■ **What the task asks**: Only the images are to be dropped; the records themselves must be repeated exactly.

Records drawn from a dataset:
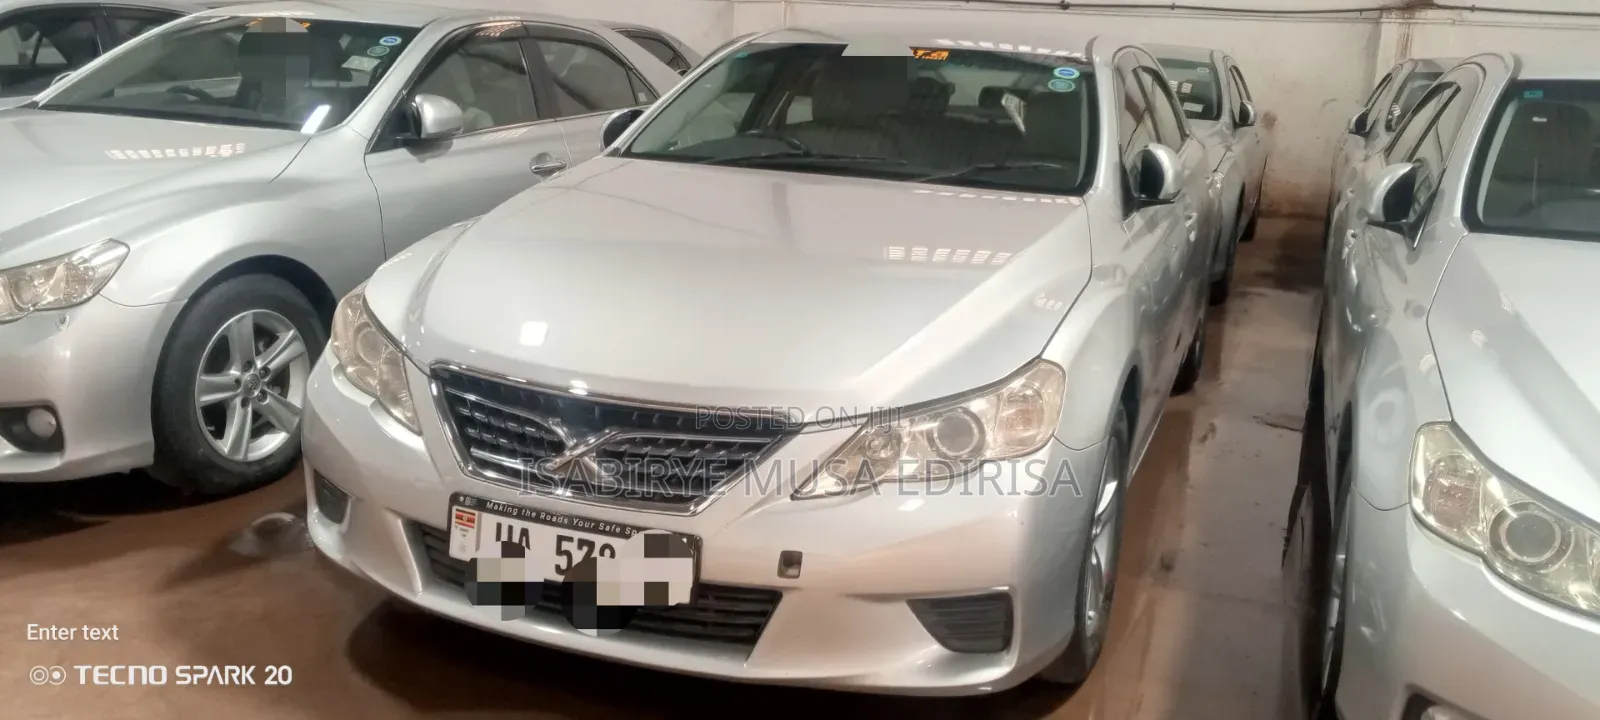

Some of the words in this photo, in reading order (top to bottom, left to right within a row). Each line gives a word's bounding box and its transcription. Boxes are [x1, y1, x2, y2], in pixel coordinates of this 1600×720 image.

[485, 501, 519, 516] Making
[521, 508, 537, 518] the
[539, 512, 569, 524] Roads
[572, 517, 595, 529] Your
[598, 522, 621, 533] Safe

■ **Finished task**:
Some of the words in this photo, in reading order (top to bottom, left to right within a row). Each line gives a word's bounding box and its transcription. Boxes are [x1, y1, x2, y2], in pixel coordinates of this 1600×720 image.

[485, 501, 519, 516] Making
[521, 508, 537, 518] the
[539, 512, 569, 524] Roads
[572, 517, 595, 529] Your
[598, 522, 621, 533] Safe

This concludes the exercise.